* [PROBLEM DESCRIPTION]: Could you reproduce the entries exactly, omitting every picture?

------ INPUT FOR THIS TASK

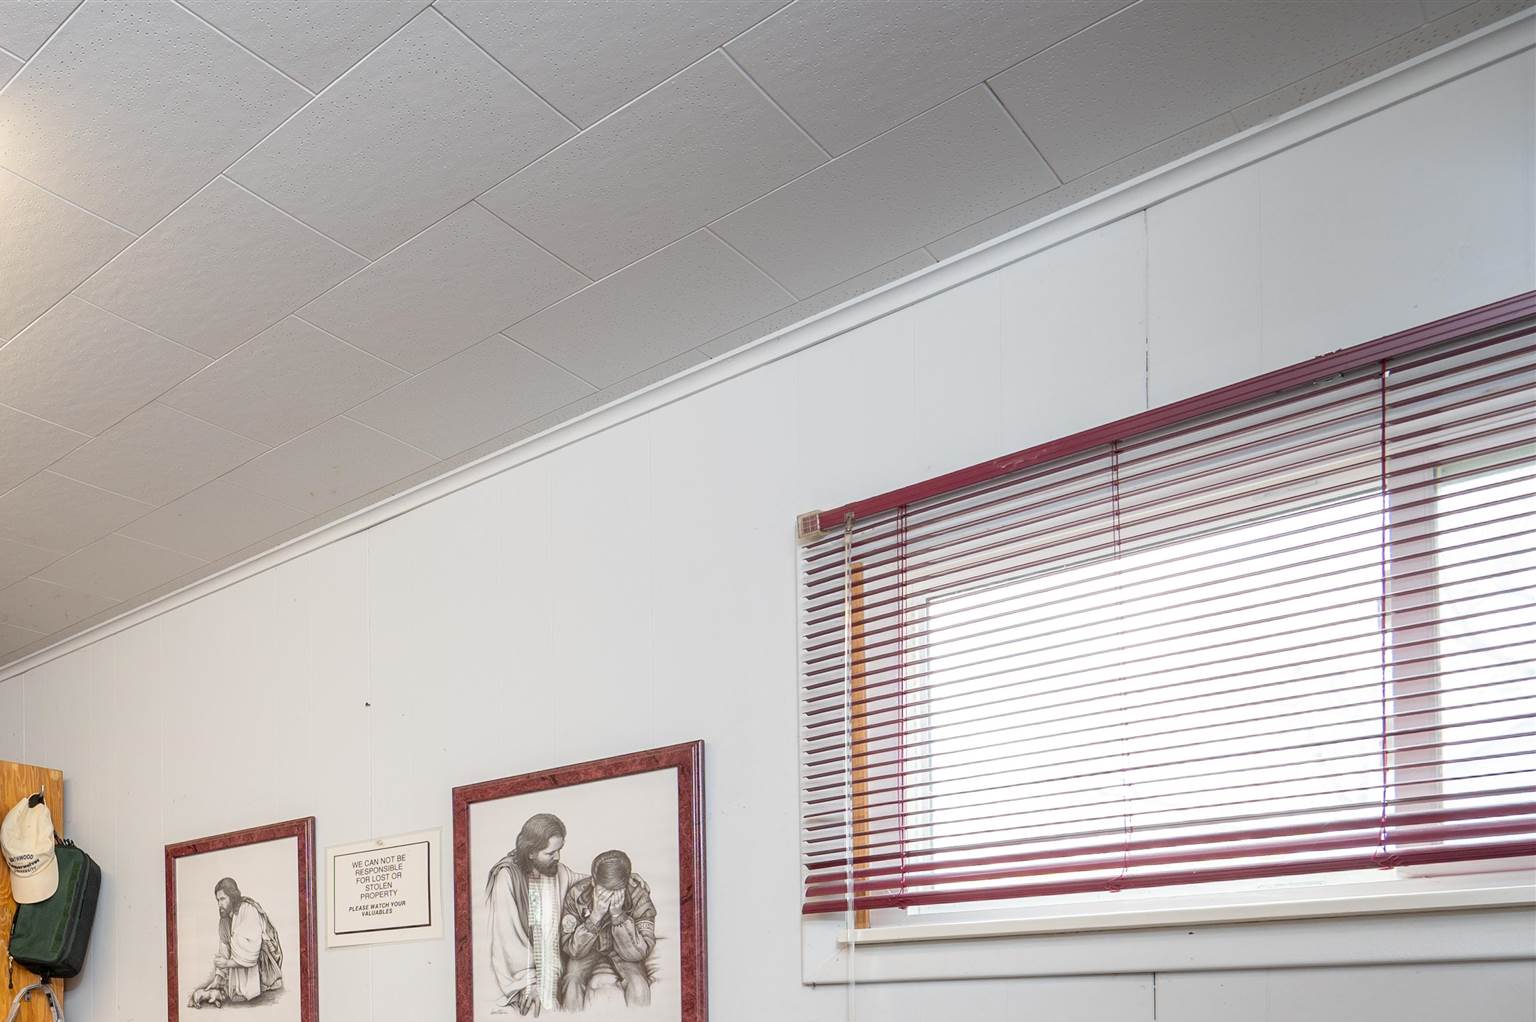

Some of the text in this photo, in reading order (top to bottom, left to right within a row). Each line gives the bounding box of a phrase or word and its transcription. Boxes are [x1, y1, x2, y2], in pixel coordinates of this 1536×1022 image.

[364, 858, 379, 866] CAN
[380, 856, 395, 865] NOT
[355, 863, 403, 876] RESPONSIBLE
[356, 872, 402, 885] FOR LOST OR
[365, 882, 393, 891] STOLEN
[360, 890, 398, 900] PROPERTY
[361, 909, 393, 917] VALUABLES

------------

* [EXERCISE SOLUTION]:
Some of the text in this photo, in reading order (top to bottom, left to right within a row). Each line gives the bounding box of a phrase or word and its transcription. Boxes are [x1, y1, x2, y2], in pixel coordinates of this 1536×1022 image.

[364, 858, 379, 866] CAN
[380, 856, 395, 865] NOT
[355, 863, 403, 876] RESPONSIBLE
[356, 872, 402, 885] FOR LOST OR
[365, 882, 393, 891] STOLEN
[360, 890, 398, 900] PROPERTY
[361, 909, 393, 917] VALUABLES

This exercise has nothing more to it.